## RECORDS SUPPLIED
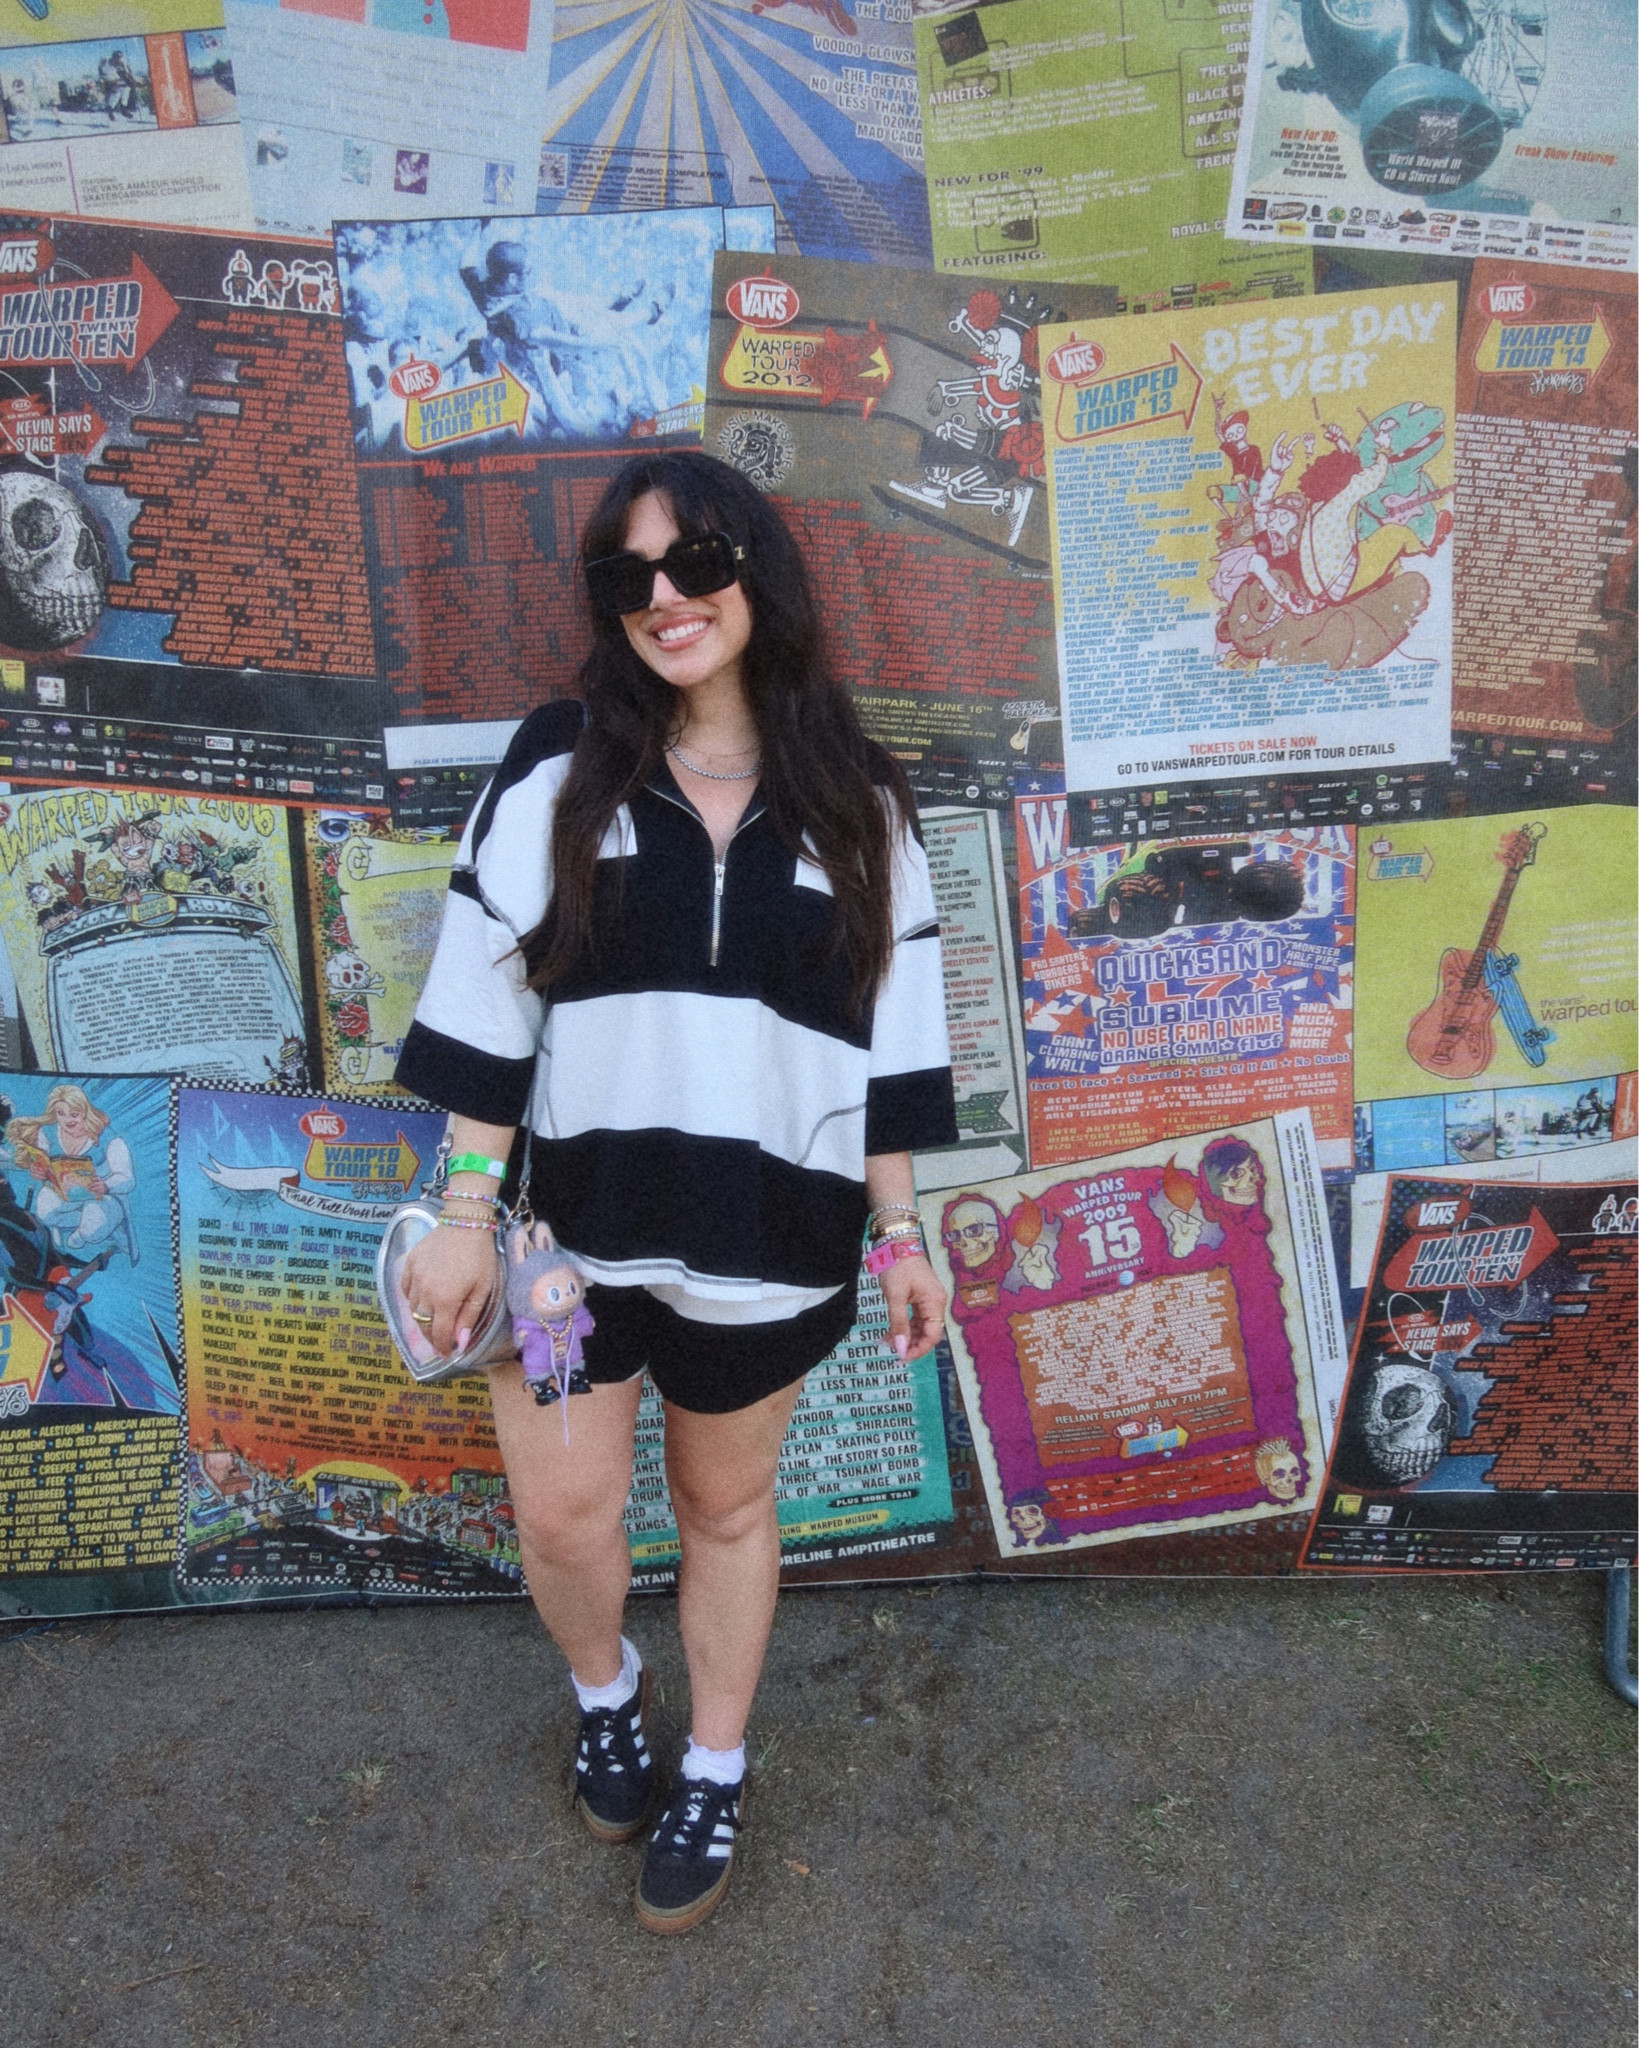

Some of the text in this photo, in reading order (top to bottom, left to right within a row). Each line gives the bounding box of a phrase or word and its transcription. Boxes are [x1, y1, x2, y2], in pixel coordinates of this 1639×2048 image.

[815, 38, 861, 56] VOODOO
[836, 81, 886, 97] USE FOR
[929, 87, 991, 105] ATHLETES:
[1187, 86, 1228, 104] BLACK
[839, 97, 906, 115] LESS THAN
[858, 125, 884, 139] MAD
[1515, 144, 1541, 157] Freak
[1388, 154, 1449, 169] World Warped
[935, 176, 972, 187] NEW
[979, 171, 1010, 182] FOR
[1409, 171, 1436, 183] Stores
[943, 252, 1047, 268] FEATURING:
[3, 281, 142, 328] WARPED
[740, 282, 788, 320] VANS
[1489, 285, 1526, 312] VANS
[79, 319, 138, 333] TWENTY
[1201, 300, 1445, 373] BEST DAY
[1500, 325, 1592, 347] WARPED
[78, 332, 136, 359] TEN
[742, 338, 815, 357] WARPED
[752, 356, 799, 371] TOUR
[1054, 344, 1097, 378] VANS
[1496, 347, 1587, 368] TOUR '14
[396, 364, 435, 394] VANS
[743, 371, 813, 387] 2012
[1233, 351, 1372, 408] EVER
[1077, 366, 1178, 412] WARPED
[420, 382, 507, 423] WARPED
[1074, 391, 1172, 435] TOUR '13
[16, 414, 91, 436] KEVIN SAYS
[420, 412, 473, 443] TOUR
[16, 436, 56, 453] STAGE
[1577, 463, 1623, 473] YELLOWCARD
[1189, 736, 1318, 755] TICKETS ON SALE NOW
[1118, 743, 1395, 775] GO TO VANSWARPEDTOUR.COM FOR TOUR DETAILS
[0, 789, 108, 877] WARPED
[1287, 951, 1340, 966] HALF PIPE
[1292, 943, 1340, 956] MONSTER
[1099, 940, 1281, 991] QUICKSAND
[1045, 974, 1082, 990] BIKERS
[1147, 973, 1242, 1004] L7
[1101, 991, 1281, 1030] SUBLIME
[1300, 1003, 1331, 1014] AND,
[1542, 1000, 1610, 1022] warped
[1293, 1015, 1338, 1027] MUCH,
[1103, 1014, 1282, 1049] NO USE FOR A NAME
[1291, 1027, 1332, 1038] MUCH
[1052, 1035, 1095, 1049] GIANT
[1102, 1033, 1283, 1064] ORANGE 9MM fluf
[1289, 1038, 1328, 1048] MORE
[1039, 1045, 1099, 1061] CLIMBING
[1031, 1053, 1349, 1091] face to face Seaweed Sick Of It All No Doubt
[1045, 1057, 1087, 1073] WALL
[308, 1115, 339, 1135] VANS
[324, 1147, 400, 1162] WARPED
[325, 1162, 371, 1177] TOUR
[1074, 1177, 1124, 1200] VANS
[1063, 1192, 1142, 1218] WARPED TOUR
[1418, 1201, 1460, 1226] VANS
[1084, 1204, 1127, 1226] 2009
[301, 1226, 341, 1239] THE AMITY
[1078, 1216, 1142, 1267] 15
[1416, 1226, 1534, 1263] WARPED
[1085, 1257, 1144, 1278] ANNIVERSARY
[1477, 1253, 1526, 1265] TWENTY
[284, 1273, 326, 1285] DAYSEEKER
[1405, 1259, 1472, 1288] TOUR
[1473, 1262, 1522, 1283] TEN
[1406, 1322, 1471, 1339] KEVIN SAYS
[1403, 1339, 1437, 1350] STAGE
[821, 1372, 909, 1390] LESS THAN JAKE
[836, 1388, 911, 1404] NOFX OFF!
[850, 1402, 912, 1417] QUICKSAND
[1055, 1388, 1227, 1424] RELIANT STADIUM JULY 7TH 7PM
[39, 1417, 178, 1437] ALESTORM AMERICAN AUTHORS
[856, 1417, 915, 1431] SHIRAGIRL
[795, 1431, 916, 1455] PLAN SKATING POLLY
[825, 1445, 917, 1466] THE STORY FAR
[39, 1459, 113, 1475] CREEPER DANCE
[780, 1458, 919, 1485] THRICE TSUNAMI BOMB
[862, 1472, 921, 1489] WAGE WAR
[76, 1520, 132, 1532] SEPARATIONS
[811, 1513, 878, 1531] WARPED MUSEUM
[838, 1533, 935, 1557] AMPITHEATRE
[16, 1555, 126, 1572] WATSKY WHITE NOISE
[30, 1549, 55, 1560] SYLAR

## EXERCISE OBJECTIVE
Apart from the pictures, the entries above are to be repeated in full and exactly.

## SOLUTION BELOW
Some of the text in this photo, in reading order (top to bottom, left to right within a row). Each line gives the bounding box of a phrase or word and its transcription. Boxes are [x1, y1, x2, y2], in pixel coordinates of this 1639×2048 image.

[815, 38, 861, 56] VOODOO
[836, 81, 886, 97] USE FOR
[929, 87, 991, 105] ATHLETES:
[1187, 86, 1228, 104] BLACK
[839, 97, 906, 115] LESS THAN
[858, 125, 884, 139] MAD
[1515, 144, 1541, 157] Freak
[1388, 154, 1449, 169] World Warped
[935, 176, 972, 187] NEW
[979, 171, 1010, 182] FOR
[1409, 171, 1436, 183] Stores
[943, 252, 1047, 268] FEATURING:
[3, 281, 142, 328] WARPED
[740, 282, 788, 320] VANS
[1489, 285, 1526, 312] VANS
[79, 319, 138, 333] TWENTY
[1201, 300, 1445, 373] BEST DAY
[1500, 325, 1592, 347] WARPED
[78, 332, 136, 359] TEN
[742, 338, 815, 357] WARPED
[752, 356, 799, 371] TOUR
[1054, 344, 1097, 378] VANS
[1496, 347, 1587, 368] TOUR '14
[396, 364, 435, 394] VANS
[743, 371, 813, 387] 2012
[1233, 351, 1372, 408] EVER
[1077, 366, 1178, 412] WARPED
[420, 382, 507, 423] WARPED
[1074, 391, 1172, 435] TOUR '13
[16, 414, 91, 436] KEVIN SAYS
[420, 412, 473, 443] TOUR
[16, 436, 56, 453] STAGE
[1577, 463, 1623, 473] YELLOWCARD
[1189, 736, 1318, 755] TICKETS ON SALE NOW
[1118, 743, 1395, 775] GO TO VANSWARPEDTOUR.COM FOR TOUR DETAILS
[0, 789, 108, 877] WARPED
[1287, 951, 1340, 966] HALF PIPE
[1292, 943, 1340, 956] MONSTER
[1099, 940, 1281, 991] QUICKSAND
[1045, 974, 1082, 990] BIKERS
[1147, 973, 1242, 1004] L7
[1101, 991, 1281, 1030] SUBLIME
[1300, 1003, 1331, 1014] AND,
[1542, 1000, 1610, 1022] warped
[1293, 1015, 1338, 1027] MUCH,
[1103, 1014, 1282, 1049] NO USE FOR A NAME
[1291, 1027, 1332, 1038] MUCH
[1052, 1035, 1095, 1049] GIANT
[1102, 1033, 1283, 1064] ORANGE 9MM fluf
[1289, 1038, 1328, 1048] MORE
[1039, 1045, 1099, 1061] CLIMBING
[1031, 1053, 1349, 1091] face to face Seaweed Sick Of It All No Doubt
[1045, 1057, 1087, 1073] WALL
[308, 1115, 339, 1135] VANS
[324, 1147, 400, 1162] WARPED
[325, 1162, 371, 1177] TOUR
[1074, 1177, 1124, 1200] VANS
[1063, 1192, 1142, 1218] WARPED TOUR
[1418, 1201, 1460, 1226] VANS
[1084, 1204, 1127, 1226] 2009
[301, 1226, 341, 1239] THE AMITY
[1078, 1216, 1142, 1267] 15
[1416, 1226, 1534, 1263] WARPED
[1085, 1257, 1144, 1278] ANNIVERSARY
[1477, 1253, 1526, 1265] TWENTY
[284, 1273, 326, 1285] DAYSEEKER
[1405, 1259, 1472, 1288] TOUR
[1473, 1262, 1522, 1283] TEN
[1406, 1322, 1471, 1339] KEVIN SAYS
[1403, 1339, 1437, 1350] STAGE
[821, 1372, 909, 1390] LESS THAN JAKE
[836, 1388, 911, 1404] NOFX OFF!
[850, 1402, 912, 1417] QUICKSAND
[1055, 1388, 1227, 1424] RELIANT STADIUM JULY 7TH 7PM
[39, 1417, 178, 1437] ALESTORM AMERICAN AUTHORS
[856, 1417, 915, 1431] SHIRAGIRL
[795, 1431, 916, 1455] PLAN SKATING POLLY
[825, 1445, 917, 1466] THE STORY FAR
[39, 1459, 113, 1475] CREEPER DANCE
[780, 1458, 919, 1485] THRICE TSUNAMI BOMB
[862, 1472, 921, 1489] WAGE WAR
[76, 1520, 132, 1532] SEPARATIONS
[811, 1513, 878, 1531] WARPED MUSEUM
[838, 1533, 935, 1557] AMPITHEATRE
[16, 1555, 126, 1572] WATSKY WHITE NOISE
[30, 1549, 55, 1560] SYLAR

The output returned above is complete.